- Read the Audio Data:
- Use a library like ‘libsndfile’ to read the audio data from files (e.g., WAV format or MP3 format for simplicity). This will give you access to the raw PCM samples.
- Goal is to essentially create PCM samples which are digital representations of the audio signals.
- Preprocessing:
Input : PCM samples
- Normalization
- Essentially adjusting the volume of the audio
- The typical method is to find the loudest point in the audio and then adjust the whole audio signal so that this point reaches a standard level (often the maximum possible without distortion).
- Hamming or Hanning
- Dividing data into smaller “windows” or “segments” so that we can avoid distortions due to abrupt start and stop.
- We want the data to fade in and fade out in the beginning and end and hamming gives us the mathematical function to apply this fade.
- Pre-processing is needed because Normalization ensures that the volume levels are consistent, and windowing ensures that the chunk is smoothly tapered, making the FFT analysis more accurate and reliable.
- Apply the FFT:
- FFT takes in an audio signal and represents it in terms of the frequencies that make it.
- The output of the FFT is typically a series of complex numbers.

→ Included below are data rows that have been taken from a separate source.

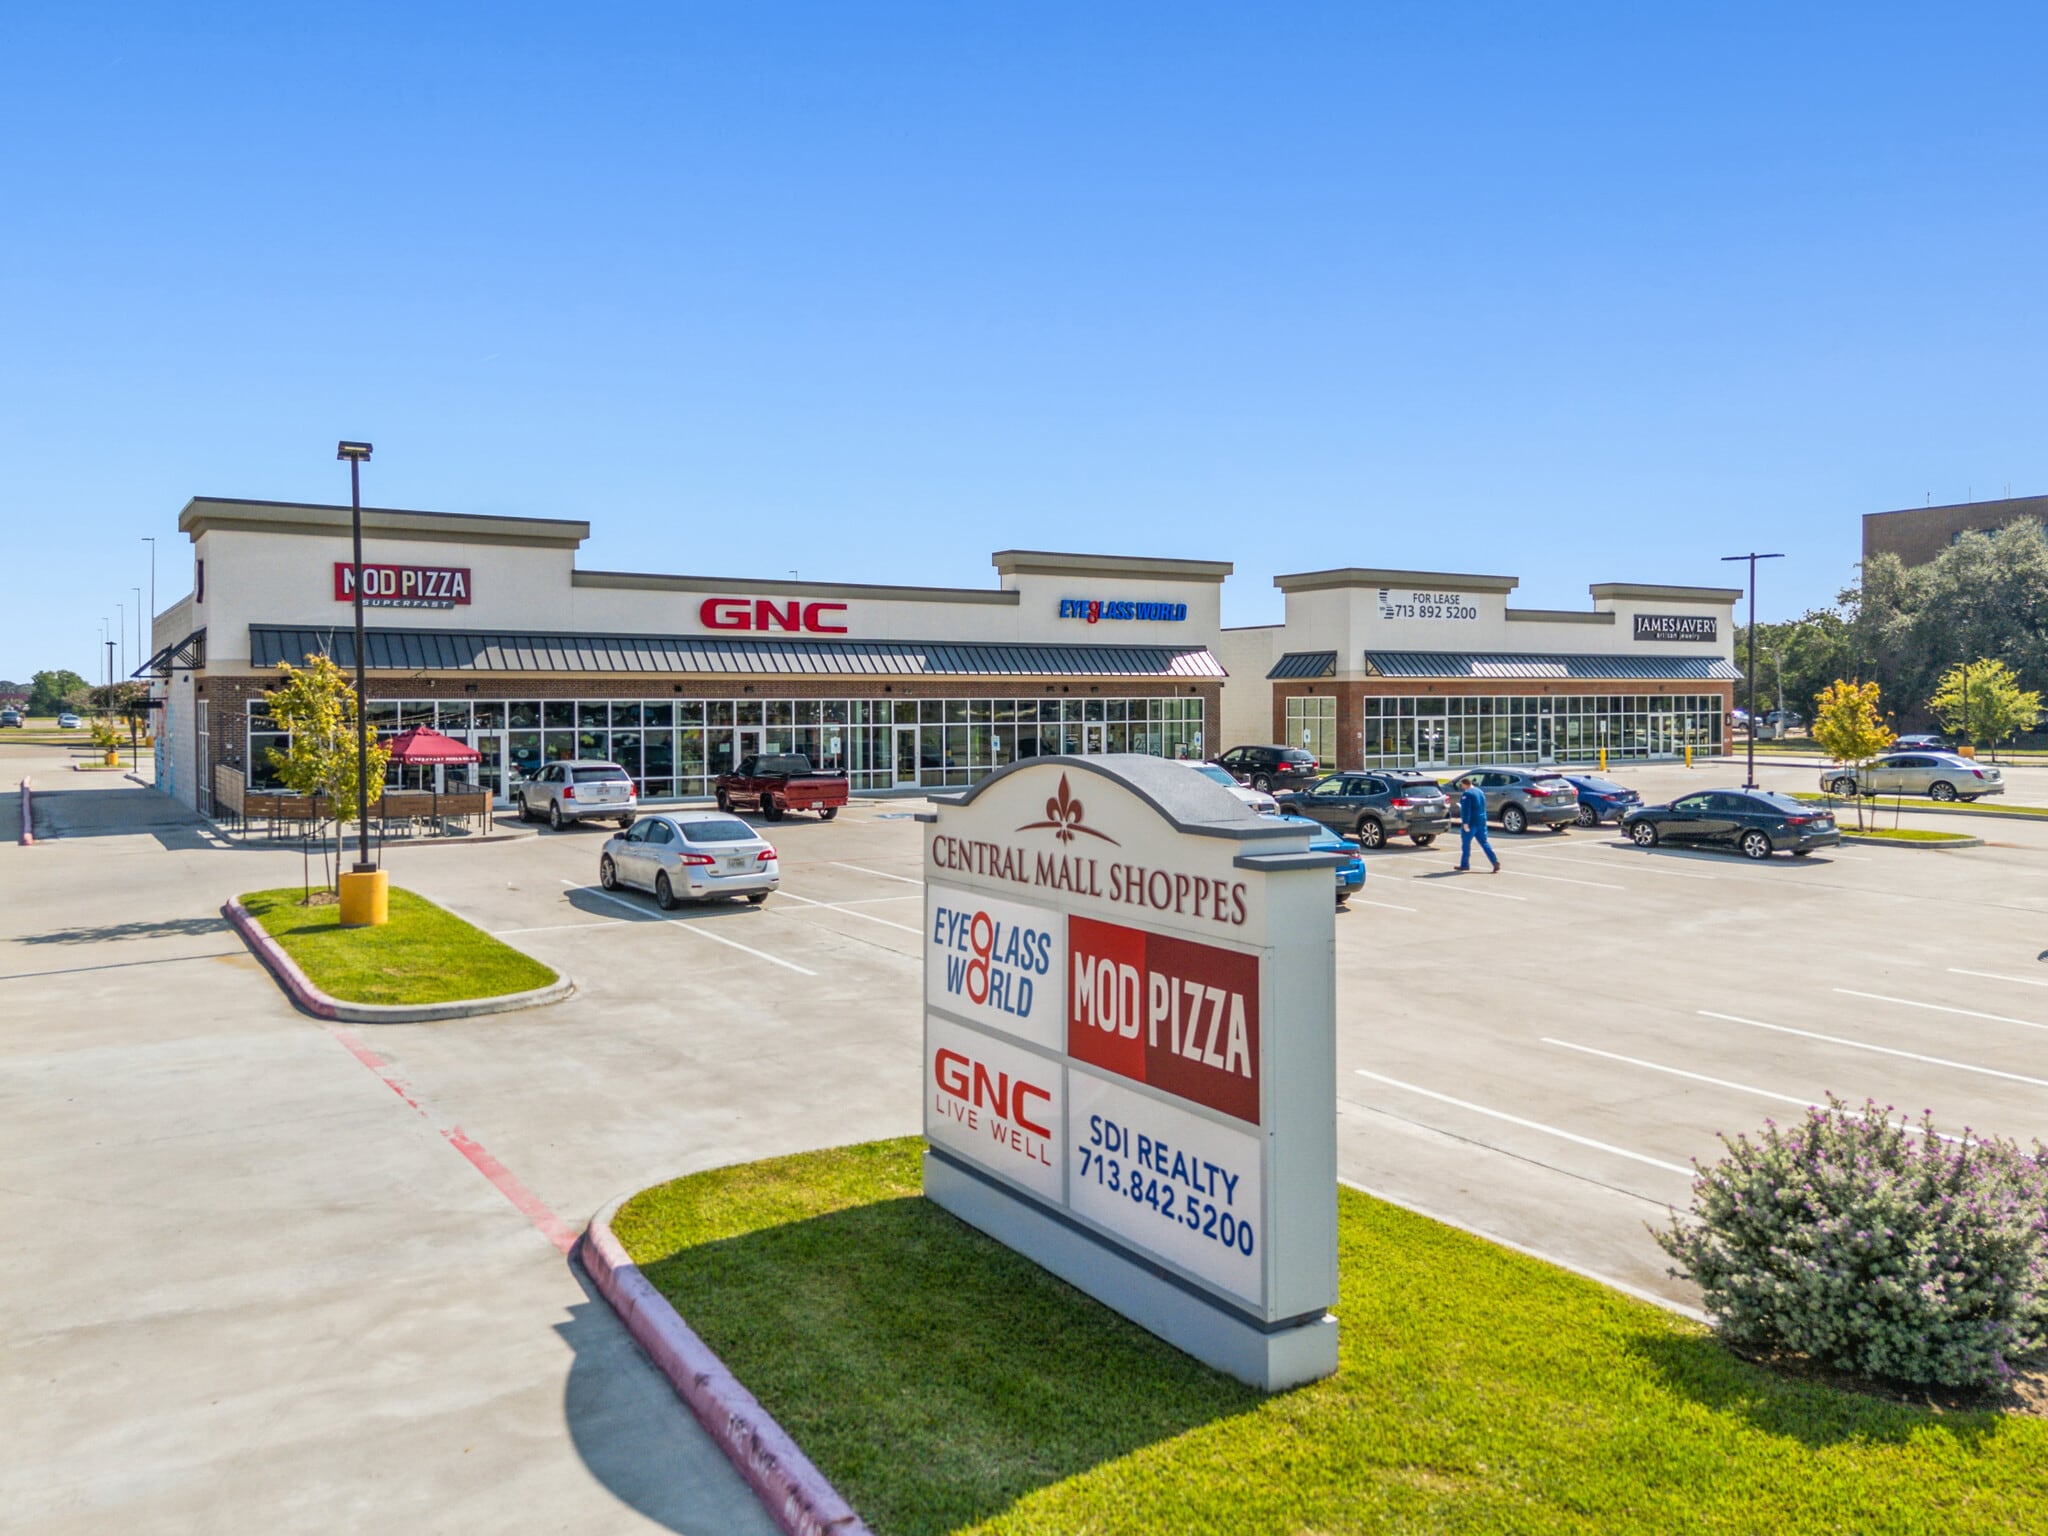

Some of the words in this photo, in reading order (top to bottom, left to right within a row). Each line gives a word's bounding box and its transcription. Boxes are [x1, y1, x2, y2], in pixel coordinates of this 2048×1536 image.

[362, 598, 449, 608] SUPERFAST
[402, 570, 466, 598] PIZZA
[700, 598, 848, 633] GNC
[1060, 599, 1135, 624] EYEGLASS
[1136, 602, 1187, 621] WORLD
[1395, 605, 1414, 618] 713
[1419, 606, 1442, 618] 892
[1446, 607, 1477, 619] 5200
[1413, 593, 1431, 604] FOR
[1434, 594, 1460, 605] LEASE
[1637, 618, 1675, 633] JAMES
[1681, 619, 1717, 633] AVERY
[932, 835, 1029, 884] CENTRAL
[1035, 850, 1102, 897] MALL
[1110, 863, 1247, 926] SHOPPES
[934, 907, 1051, 975] EYEGLASS
[947, 954, 1033, 1018] WORLD
[1074, 951, 1140, 1039] MOD
[1149, 971, 1252, 1078] PIZZA
[935, 1048, 1051, 1140] GNC
[936, 1094, 978, 1130] LIVE
[991, 1119, 1051, 1167] WELL
[1090, 1115, 1128, 1159] SDI
[1138, 1134, 1239, 1206] REALTY
[1079, 1146, 1254, 1256] 713.842.5200

The magnitude of each number corresponds to the strength (or amplitude) of a specific frequency in that window of the audio. The position of that number in the sequence indicates which frequency it corresponds to.
- So having the third number in the FFT output have a high magnitude, would mean that the third frequency in our analysis range has a strong presence in that window.
Next few steps are focused on getting the visual representation
- Calculate Magnitude:
- For each FFT output, calculate the magnitude for each frequency bin (this would basically just be the magnitude of the output complex number)
- This magnitude represents the intensity of that particular frequency for the corresponding time chunk.
- Visual Representation:
- Last step is mapping the magnitudes derived. Often, the magnitude is mapped to a color scale where higher intensities correspond to warmer colors.
- Can use a graphics library like `SDL` or `OpenGL` to render the spectrogram in real-time or to an image file.